Emotion-focused therapy uses several sets of concepts in its theory of function and
dysfunction, including emotion schemes, emotion response types, emotion regulation, and each of plays a vital role.
A defining feature of EFT is that it is marker guided. Research has demonstrated
that there are specific patterns of in-session client statements and actions that mark
specific emotional issues that require attention in sessions.
These markers indicate that the client is likely to be in an immediate state of readiness to work on the particular emotional issue, referred to as a task.
Picking the marker up, the therapist offers the client an opportunity to work on the task, using a variety of different ways of working.
The importance of EFT therapy cuts across helping individuals deal with their unpleasant emotions instead of suppressing or avoiding them, improving romantic relationships and family communication.
EFT therapists are trained to identify markers of different types of difficult emotional processing issues and to intervene in specific ways that best suit these issues.
Based on previous research, models of the process of client change in different
tasks act as rough maps to guide therapists.
Some of the most common of these ETF markers & tasks include the following:
Problematic Reactions
Problematic reactions are expressed through puzzlement about emotional or behavioral responses to particular situations.
For example, one client said: ‘On the way to therapy I saw a little puppy dog with long droopy ears and I suddenly felt so sad and I don’t know why.’
Problematic reactions are opportunities for a process of systematic evocative unfolding.
This way of working involves proposing that the client vividly re-experience the situation and their emotional reaction to it, in order to explore the connections between situation, perceptions, and emotional reactions, thus helping the client to arrive at the implicit meaning of the situation that makes sense of the reaction.
Unclear Felt Sense
An unclear felt sense occurs when the person is confused about a feeling or unable to get
a clear sense of their experience (‘I have this feeling but I just can’t put my finger on it’).
This marker calls for focusing, in which the therapist guides clients to approach the embodied aspects of their experience with attention and curiosity, in order to experience them and to put words to their implicit, often subtle feelings.
Resolution involves the creation of new meaning, the release of bodily tension, and perhaps a sense of a way forward.
Conflict Splits
Conflict splits involve one aspect of the self-being critical, coercive, or interruptive
towards another aspect. (In person-centered terms, they represent the self-imposition of
conditions of worth on the person.)
For example, a woman quickly becomes hopeless and defeated but also angry at the prospect of being seen as a failure by her sisters: ‘I feel inferior to them: It’s like I’ve failed and I’m not as good as them.’
There are many different kinds of conflict split. Self-critical conflict splits like the example above offer opportunities for two-chair work, in which the therapist proposes to the client
that they enact a dialogue between two parts of the self by putting these into live contact with each other in separate chairs.
Thoughts, feelings, and needs within each part of the self are explored and communicated in real dialogue to achieve integration of the two sides through a softening of the critical part and a deepening in the other part.
Resolution involves an integration of the two sides. Self-interruptive conflict splits
are also common and arise when one part of the self interrupts or constricts emotional
experience and expression: ‘I can feel the tears coming up but I just tighten and suck
them back in, no way am I going to cry.’
In this case, the therapist helps the client to enact and make explicit how the interrupting part of the self does this, for example by the physical act (choking or shutting down the voice), metaphorically (caging), or verbally (‘shut up, don’t feel, be quiet, you can’t survive this’), so that they can experience themselves as an agent in the process of shutting down and then can react to and challenge the interruptive part of the self, and express the previously blocked experience.
Unfinished Business
An unfinished business marker involves the statement of lingering unresolved feelings
towards a significant other, such as the following said in a resentful manner: ‘My father,
he was just never there for me.
I have never forgiven him, deep down inside I think maybe I’m grieving but then I just tell myself, “what’s the point, there’s no use dwelling on the past”.’
Unfinished business towards a significant other call for an empty-chair intervention.

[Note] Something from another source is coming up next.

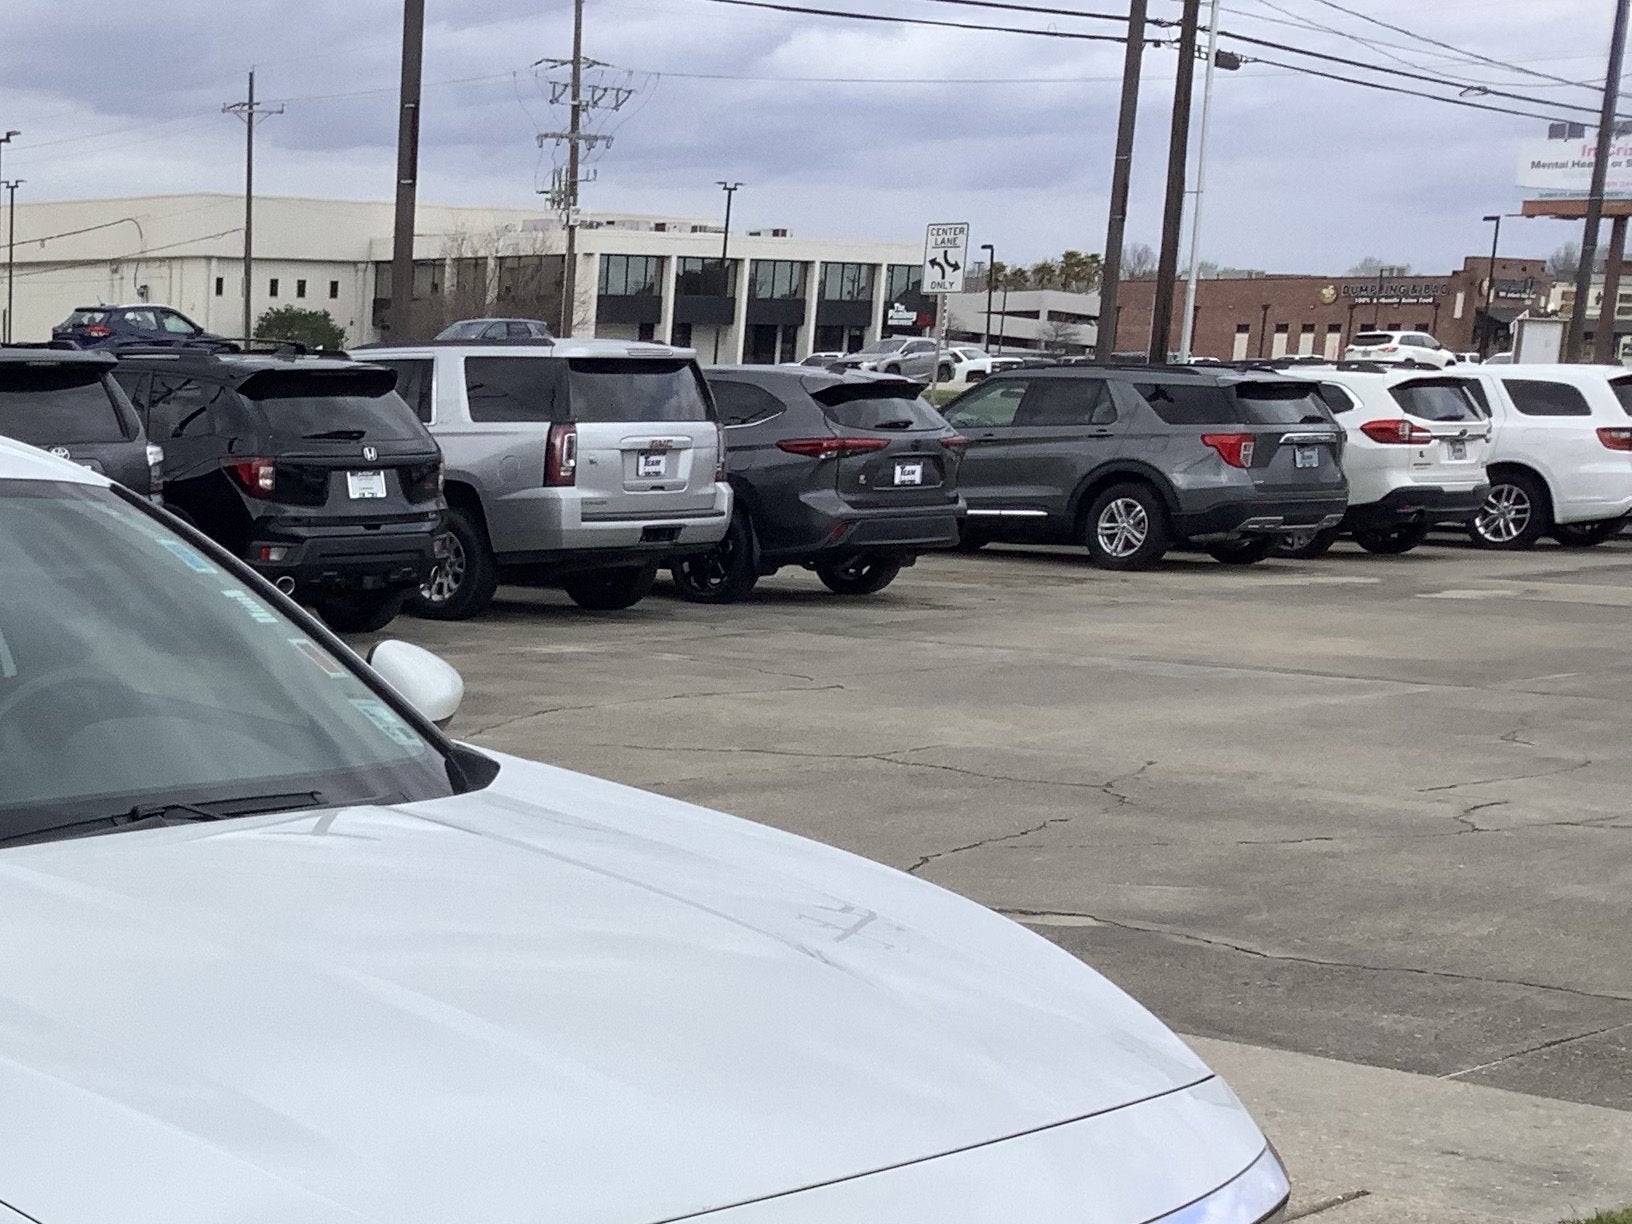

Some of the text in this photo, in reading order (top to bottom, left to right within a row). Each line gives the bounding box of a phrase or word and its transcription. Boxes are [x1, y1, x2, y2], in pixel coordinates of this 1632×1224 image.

The therapist proposes that the client imagine the other present in the other chair in order to activate their internal view of them and then to experience, express, and explore their painful emotional reactions to the other.
Resolution involves holding the other accountable or understanding or forgiving the other.

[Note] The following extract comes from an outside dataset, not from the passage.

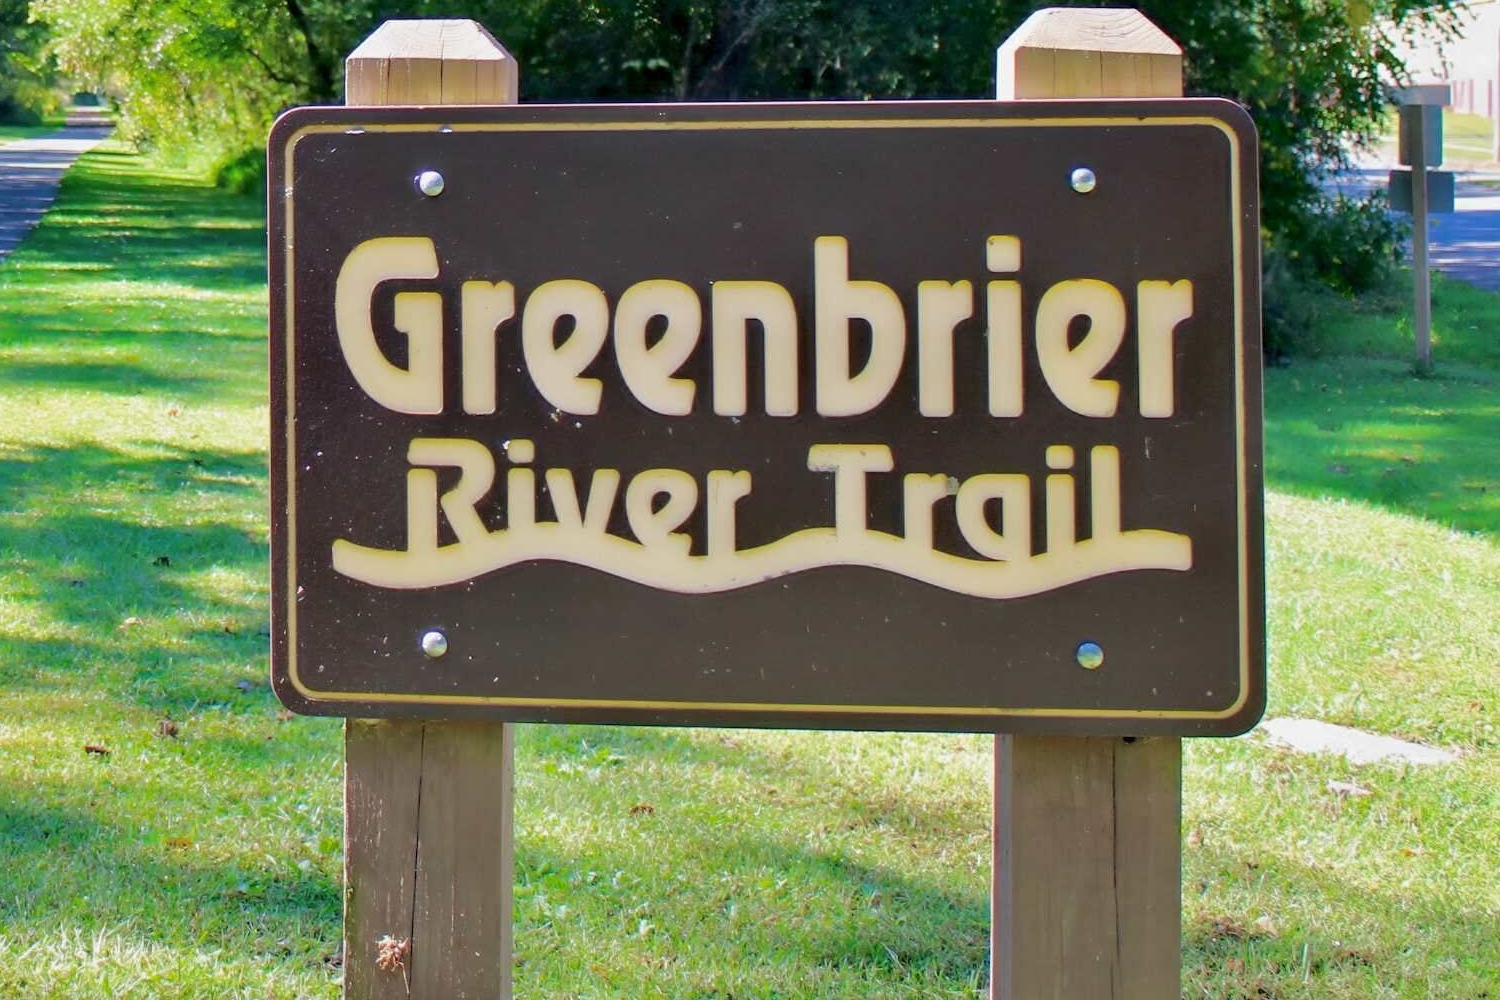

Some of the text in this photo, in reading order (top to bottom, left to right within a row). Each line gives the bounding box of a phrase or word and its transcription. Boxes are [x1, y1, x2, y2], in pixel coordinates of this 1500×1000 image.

[335, 235, 1193, 418] Greenbrier
[406, 438, 1123, 566] River Trail

Stuck, dysregulated anguish Stuck, dysregulated anguish is a marker that occurs in the face of strong emotional pain or a powerful unmet existential need (e.g. for love or validation): ‘No one will ever understand me. I’m all alone.’ Anguish calls for compassionate self-soothing.
Expressing compassion towards oneself is a way of changing painful emotions (e.g. shame, fear, sadness) by internally confronting them with a different emotion.

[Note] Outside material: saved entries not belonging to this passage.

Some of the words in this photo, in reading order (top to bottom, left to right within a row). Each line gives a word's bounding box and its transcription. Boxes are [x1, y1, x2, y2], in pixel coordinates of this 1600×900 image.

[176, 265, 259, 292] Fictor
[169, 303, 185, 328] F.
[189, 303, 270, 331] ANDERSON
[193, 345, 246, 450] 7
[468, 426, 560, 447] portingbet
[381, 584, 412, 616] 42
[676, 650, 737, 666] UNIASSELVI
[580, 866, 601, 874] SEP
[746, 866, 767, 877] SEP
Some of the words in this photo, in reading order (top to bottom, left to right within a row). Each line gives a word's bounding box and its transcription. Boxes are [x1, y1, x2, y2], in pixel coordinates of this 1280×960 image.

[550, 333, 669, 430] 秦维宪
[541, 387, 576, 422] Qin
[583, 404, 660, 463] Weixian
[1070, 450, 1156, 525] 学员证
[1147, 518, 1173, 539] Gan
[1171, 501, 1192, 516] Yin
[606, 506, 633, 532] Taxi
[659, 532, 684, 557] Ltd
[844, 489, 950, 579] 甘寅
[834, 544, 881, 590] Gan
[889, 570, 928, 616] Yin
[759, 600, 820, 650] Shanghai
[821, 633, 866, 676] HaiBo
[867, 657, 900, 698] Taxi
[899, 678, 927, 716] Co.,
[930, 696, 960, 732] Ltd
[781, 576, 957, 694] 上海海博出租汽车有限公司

In this task, the therapist first helps the client deepen their sense of anguish so that they can access their core existential pain and express the unmet need associated with it.
Then, the therapist offers a two-chair process to the client in which they enact providing what is needed (e.g. validation, support, protection) to themselves.
Several additional markers and interventions have been added to the five markers and
tasks identified above, including alliance rupture and repair; feeling overwhelmed and
clearing a space; meaning protest and meaning-making; and more.